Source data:
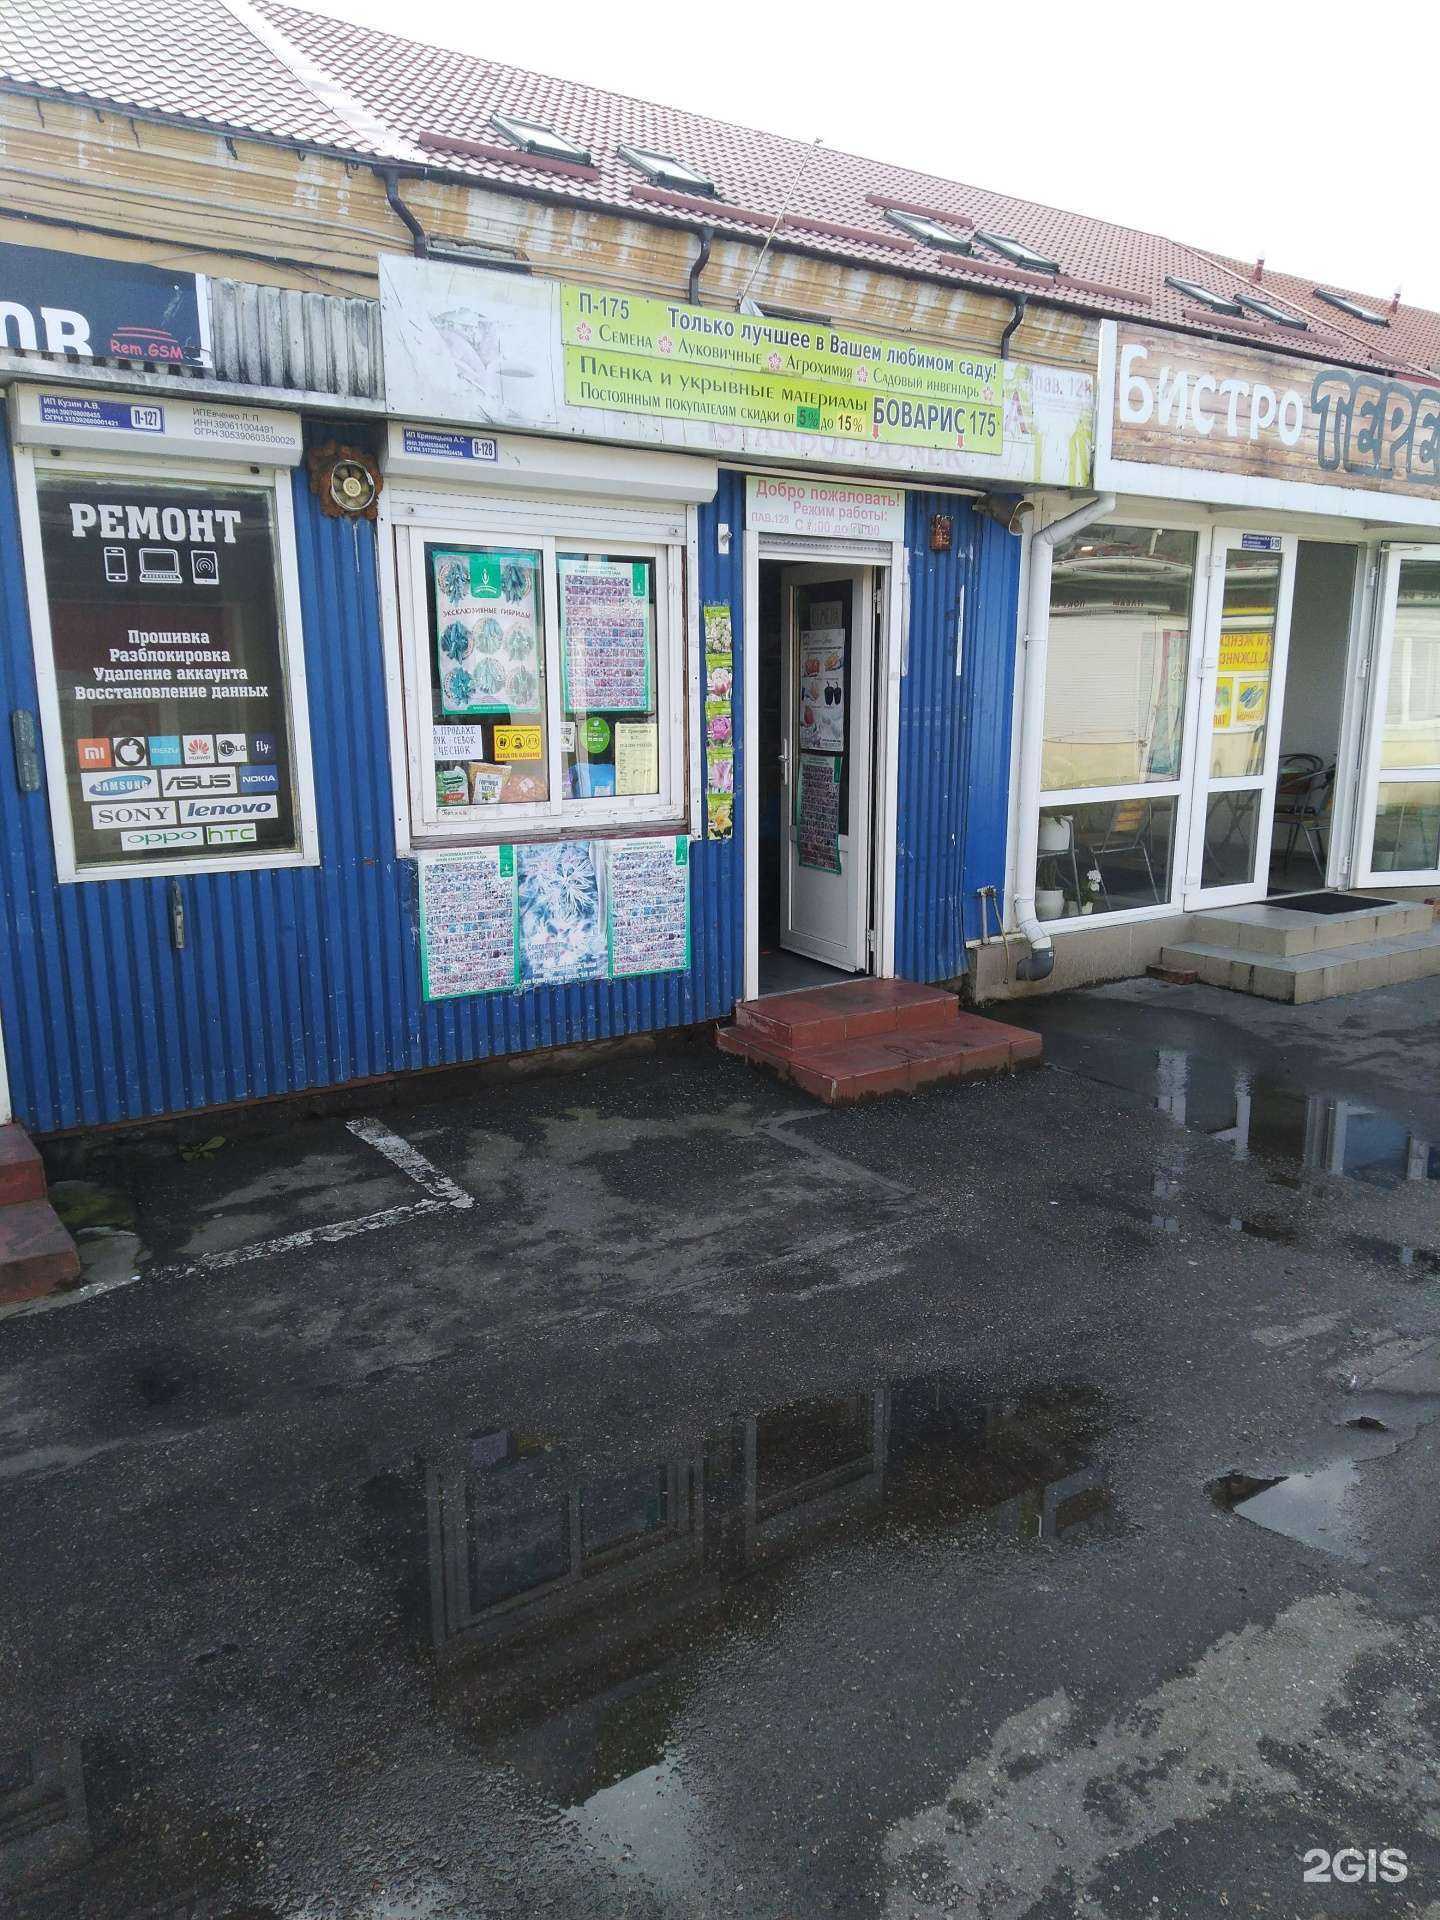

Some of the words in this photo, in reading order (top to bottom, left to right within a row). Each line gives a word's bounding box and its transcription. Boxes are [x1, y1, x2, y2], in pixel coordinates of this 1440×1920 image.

[579, 292, 630, 320] П-175
[110, 339, 143, 356] Rem
[147, 344, 184, 360] GSM
[667, 307, 735, 337] Только
[741, 323, 811, 349] лучшее
[815, 338, 825, 351] в
[829, 333, 882, 362] Вашем
[886, 348, 954, 374] любимом
[958, 361, 997, 384] саду!
[43, 397, 56, 406] ИП
[58, 398, 82, 410] Кузин
[134, 409, 158, 427] П-127
[193, 418, 213, 428] ИНН
[838, 414, 863, 434] 15%
[872, 396, 966, 434] БОВАРИС
[969, 410, 996, 437] 175
[193, 427, 218, 438] ОГРН
[474, 442, 493, 457] П-128
[755, 479, 806, 501] Добро
[810, 488, 901, 508] пожаловать!
[793, 500, 835, 518] Режим
[838, 505, 888, 522] работы:
[69, 502, 241, 544] РЕМОНТ
[127, 629, 210, 646] Прошивка
[109, 648, 231, 664] Разблокировка
[93, 667, 172, 682] Удаление
[176, 667, 249, 683] аккаунта
[74, 686, 208, 700] Восстановление
[211, 685, 269, 699] данных
[95, 778, 149, 792] SAMSUNG
[165, 773, 231, 791] ASUS
[242, 774, 276, 783] NOKIA
[98, 806, 170, 824] SONY
[187, 802, 272, 817] lenovo
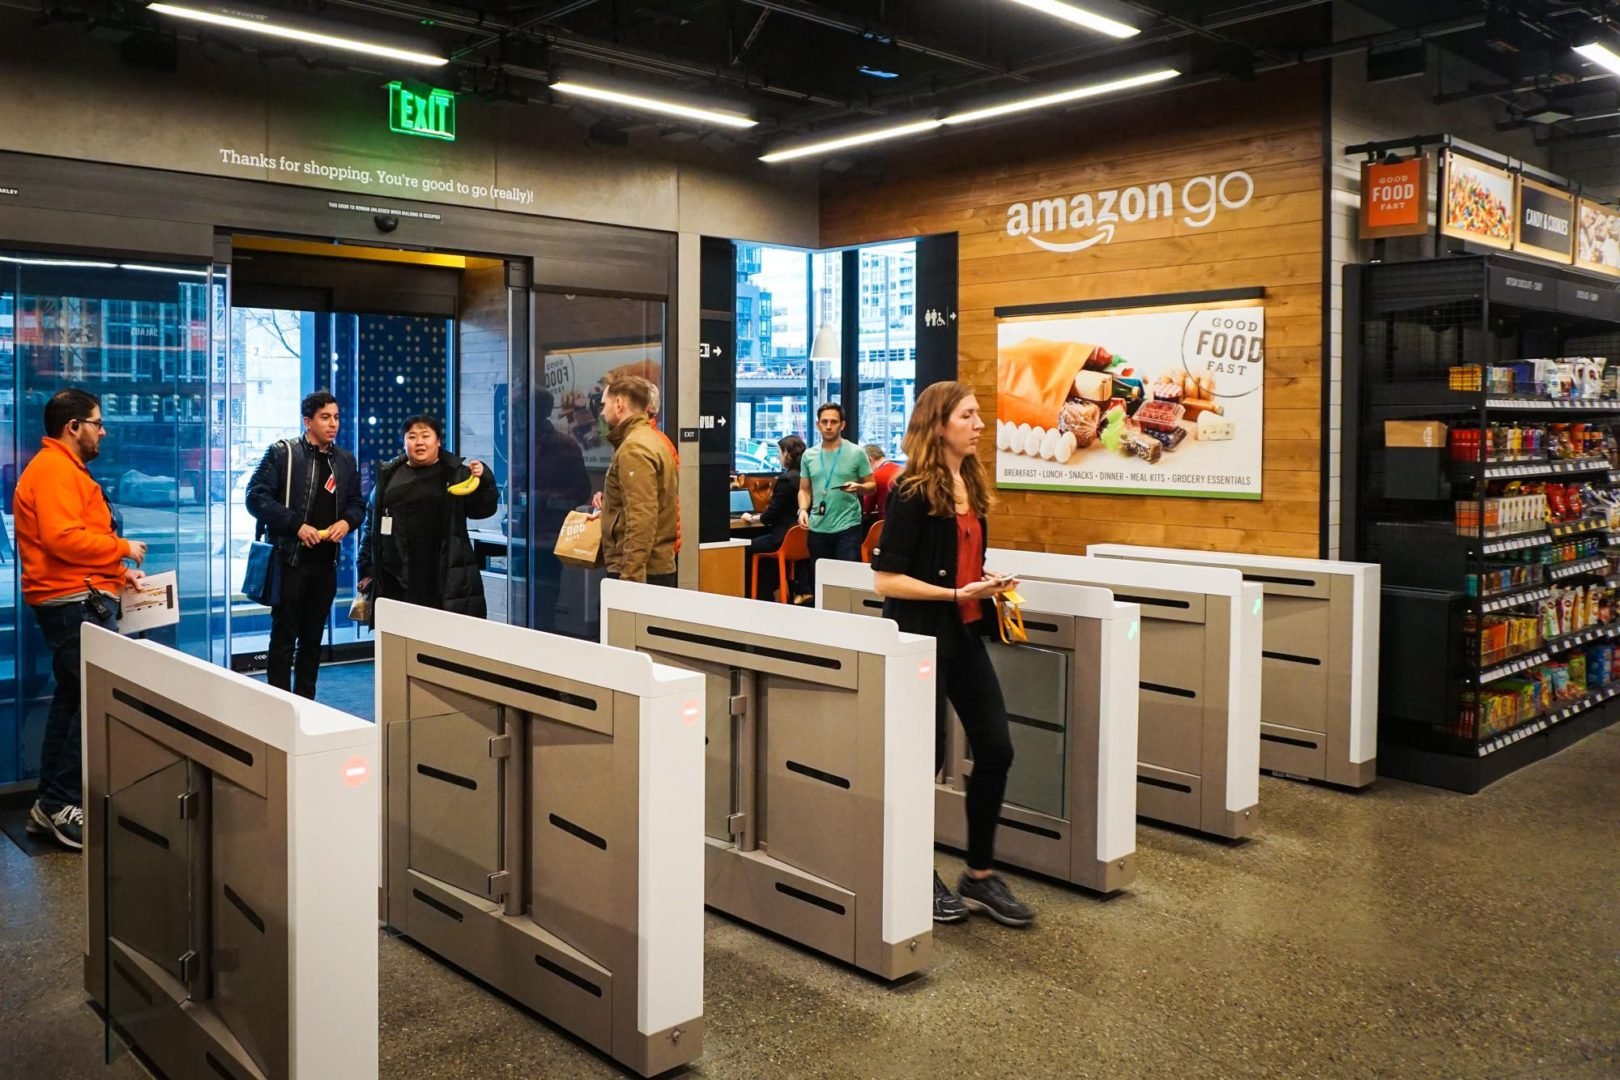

- Directions for this task: Output the data exactly as it is, with the pictures dropped.

- Answer to the exercise:
Some of the words in this photo, in reading order (top to bottom, left to right within a row). Each line gives a word's bounding box and its transcription. Boxes are [x1, y1, x2, y2], in pixel coordinates of this 1440×1920 image.

[579, 292, 630, 320] П-175
[110, 339, 143, 356] Rem
[147, 344, 184, 360] GSM
[667, 307, 735, 337] Только
[741, 323, 811, 349] лучшее
[815, 338, 825, 351] в
[829, 333, 882, 362] Вашем
[886, 348, 954, 374] любимом
[958, 361, 997, 384] саду!
[43, 397, 56, 406] ИП
[58, 398, 82, 410] Кузин
[134, 409, 158, 427] П-127
[193, 418, 213, 428] ИНН
[838, 414, 863, 434] 15%
[872, 396, 966, 434] БОВАРИС
[969, 410, 996, 437] 175
[193, 427, 218, 438] ОГРН
[474, 442, 493, 457] П-128
[755, 479, 806, 501] Добро
[810, 488, 901, 508] пожаловать!
[793, 500, 835, 518] Режим
[838, 505, 888, 522] работы:
[69, 502, 241, 544] РЕМОНТ
[127, 629, 210, 646] Прошивка
[109, 648, 231, 664] Разблокировка
[93, 667, 172, 682] Удаление
[176, 667, 249, 683] аккаунта
[74, 686, 208, 700] Восстановление
[211, 685, 269, 699] данных
[95, 778, 149, 792] SAMSUNG
[165, 773, 231, 791] ASUS
[242, 774, 276, 783] NOKIA
[98, 806, 170, 824] SONY
[187, 802, 272, 817] lenovo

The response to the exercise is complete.